Bessen questions the Federal Reserve's judgment: The trend of the two-year U.S. Treasury yield indicates that the benchmark interest rate is too high

U.S. Treasury Secretary Becerra questioned the Federal Reserve's judgment on interest rates, believing that the two-year Treasury yield indicates that the benchmark rate is too high. He pointed out that current real interest rates are very high and suggested that the Federal Reserve may need to cut rates. Becerra emphasized that this is the Federal Reserve's decision and did not directly respond to Trump's views on rate cuts. Regarding Powell's term, Becerra stated that there are many excellent candidates who could succeed him
According to the Zhitong Finance APP, U.S. Treasury Secretary Becerra has questioned the judgment of Federal Reserve policymakers regarding interest rates and reiterated his belief that the two-year U.S. Treasury yield signals that the benchmark rate is too high. Becerra stated in an interview on Thursday, "The Federal Open Market Committee (FOMC) seems to have a judgment bias in its interest rate decisions."

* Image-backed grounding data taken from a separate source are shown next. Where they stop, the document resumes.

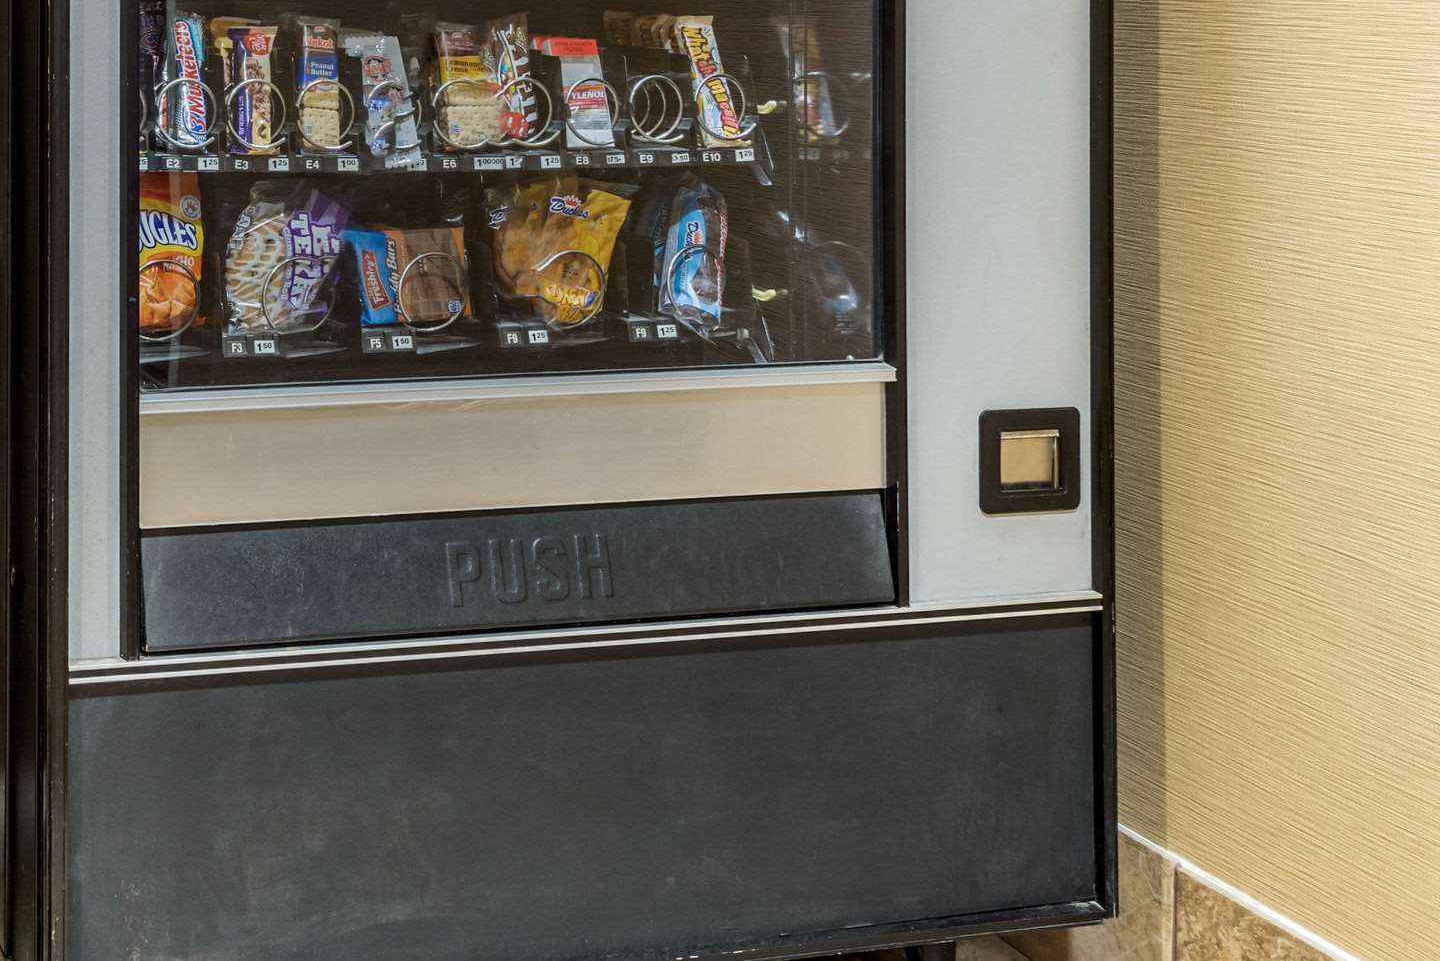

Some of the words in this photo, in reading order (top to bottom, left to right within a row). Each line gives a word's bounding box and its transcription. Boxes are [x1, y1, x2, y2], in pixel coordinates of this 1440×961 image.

[576, 156, 590, 165] E8
[640, 155, 654, 164] E9
[703, 153, 721, 162] E10
[166, 160, 180, 168] E2
[235, 160, 249, 170] E3
[306, 160, 320, 169] E4
[443, 160, 457, 168] E6
[139, 211, 197, 251] UGLES
[386, 238, 399, 270] Bars
[636, 328, 647, 338] F9
[370, 339, 382, 348] F5
[445, 534, 615, 608] PUSH

Becerra has emphasized multiple times that he only comments on the Federal Reserve's past monetary policy and will not discuss its future decisions. Nevertheless, Becerra insists that "the two-year Treasury yield is conveying a signal that overnight rates are too high." Currently, the Federal Reserve's target range for the federal funds rate is 4.25%-4.5%, while the two-year Treasury yield has fallen to around 3.76%.
Becerra stated, "Our real interest rates are very high right now," referring to inflation-adjusted rates. He added, "But again, this is their (the Federal Reserve's) decision. If they do not cut rates, it may mean that the cut in September will be larger."

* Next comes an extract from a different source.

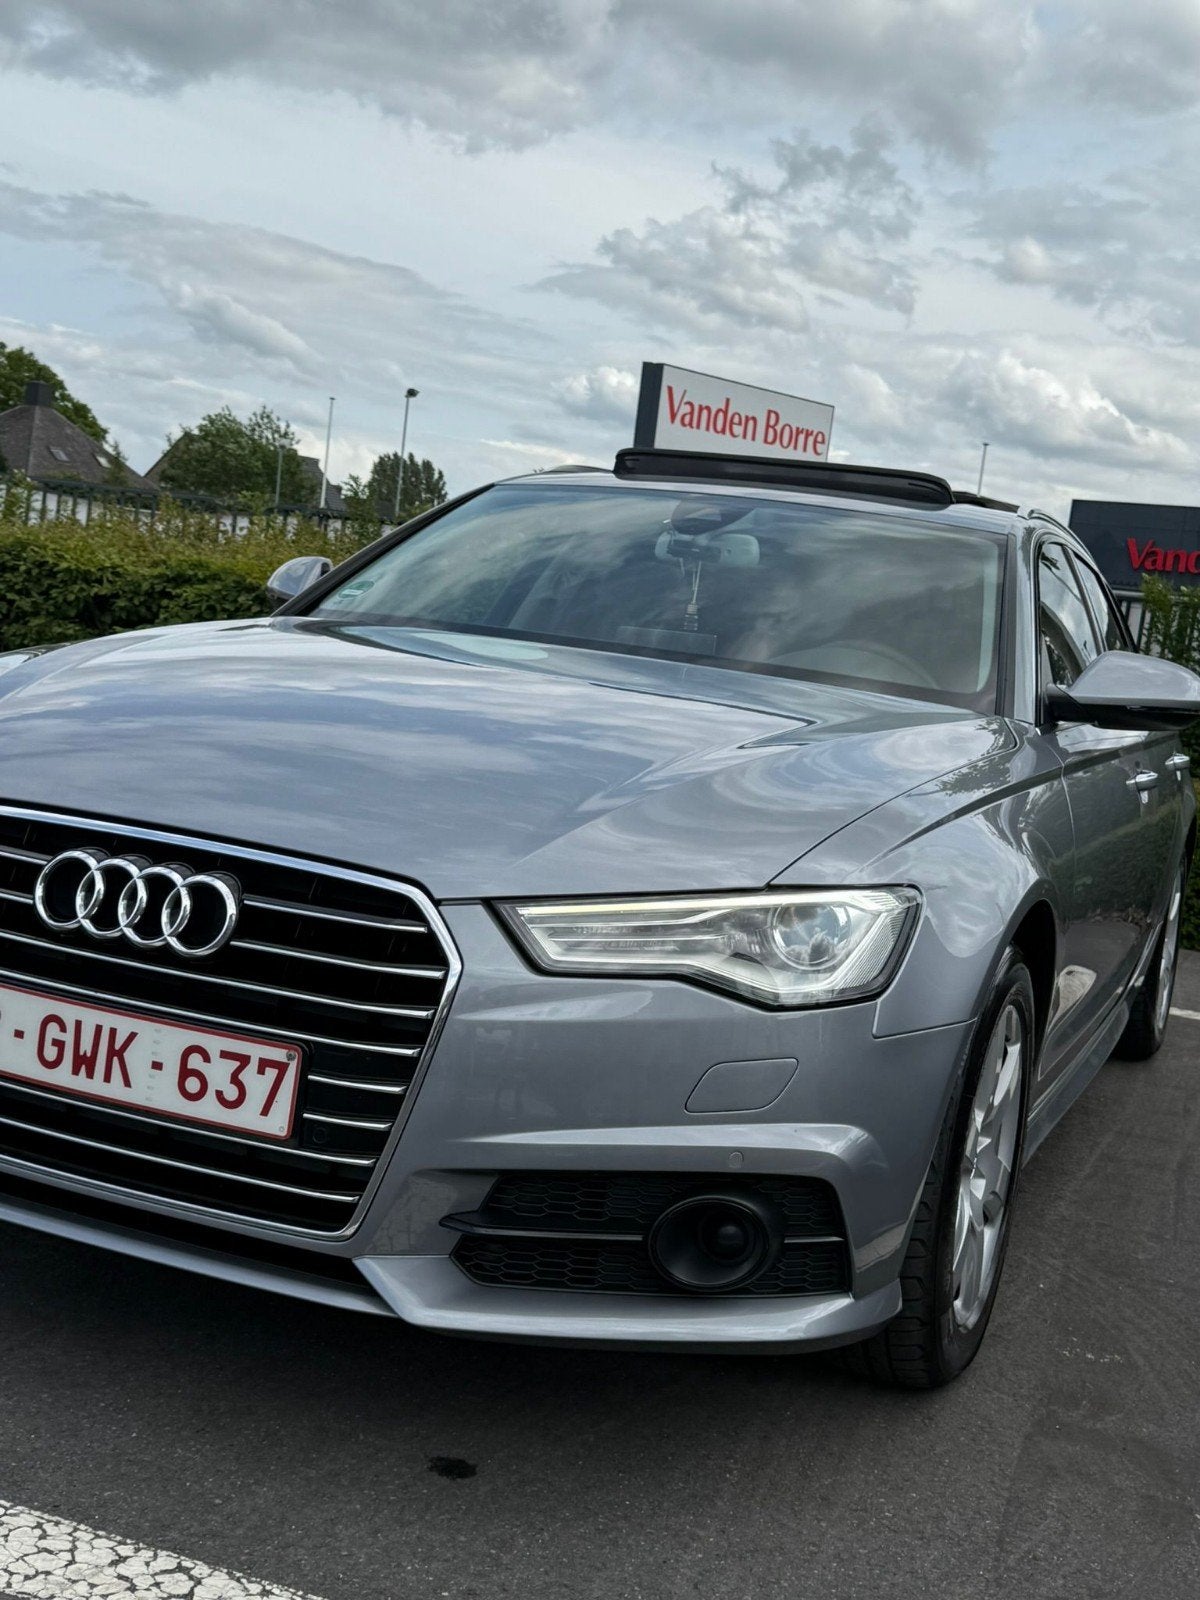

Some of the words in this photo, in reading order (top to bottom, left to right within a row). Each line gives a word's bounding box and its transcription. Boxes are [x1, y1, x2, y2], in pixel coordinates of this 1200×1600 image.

[667, 385, 758, 442] Vanden
[763, 408, 826, 456] Borre
[0, 1008, 291, 1118] -GWK-637

The interest rate futures market shows that traders are betting the Federal Reserve will cut rates by at least 25 basis points at the September meeting, while no changes are expected at the July meeting.
When asked if he agreed with President Trump’s view that the Federal Reserve should lower rates by three percentage points, Becerra did not respond directly. He reiterated that the market is signaling a rate cut and added that during his first term, Trump "was more correct than the Federal Reserve regarding the timing of rate cuts."
Regarding Powell
When asked about the call from government housing finance chief Bill Pulte for Federal Reserve Chairman Powell to resign, Becerra declined to comment, only stating that the Federal Reserve should "control spending like other agencies." It is reported that Bill Pulte previously accused Powell of making false statements regarding the renovation of the Federal Reserve building during a congressional hearing.
Becerra also stated, "After Powell's term ends in May 2026, there are many excellent and capable candidates who can succeed him." When asked if he might be a candidate himself, he replied, "I will not disclose the content of private conversations."
Becerra also hinted that he hopes Powell will completely leave the Federal Reserve system next May. Although Powell's term as a governor can last until 2028, if he chooses to remain after stepping down as chairman, he would only need to replace the seat of governor Adriana Kugler in January 2026. Becerra stated, "We expect to fill two seats next year."
Do political factors influence Federal Reserve decisions?
Becerra pointed out that the expectations of Federal Reserve policymakers seem to differ based on their appointing authorities. He said, "There are obvious divisions in the so-called dot plot." He referred to the Federal Reserve officials' predictions of future interest rate paths. He further added, "There is a divide between officials appointed by Trump and those not appointed by Trump. You can interpret what this means for yourselves."
It is noteworthy that the Federal Reserve's dot plot predictions are presented anonymously, so the public cannot openly judge which official made the predictions. However, Trump-nominated governors Christopher Waller and Michelle Bowman have previously indicated that the Federal Reserve may cut rates as early as July Federal Government Debt
Before Congress is about to pass Trump's signature tax and spending bill, Bessent pointed out that the bill includes provisions to raise the federal debt ceiling. He stated that the additional $5 trillion in debt capacity "should support us all the way to 2027."
The U.S. Treasury has been fulfilling federal payment obligations through special accounting measures since January, while ensuring it does not exceed the statutory debt limit. Once the bill is signed into law, the Treasury is expected to increase short-term Treasury bill sales to replenish its cash reserves.
In terms of broader debt issuance strategy, Bessent stated that considering the two-year Treasury yield indicates overnight rates are relatively high, "we will take that into account," but did not elaborate further. He also mentioned, "Our debt management process is very standardized and orderly, but we will consider these responses."
Bessent stated, "We will decide how to structure the debt maturity in the coming months." The Treasury's next quarterly refinancing announcement typically reveals any changes in issuance strategy, which is expected to be released on July 30.
Additionally, when asked whether he agrees with the view expressed by Stephen Miran, chairman of the White House Council of Economic Advisers, that "Trump's policies will reduce the fiscal deficit by $11 trillion over the next decade," Bessent declined to comment. He stated, "Predicting federal borrowing ten years out is very difficult. There are many variables involved. But I am confident that we are moving in the right direction."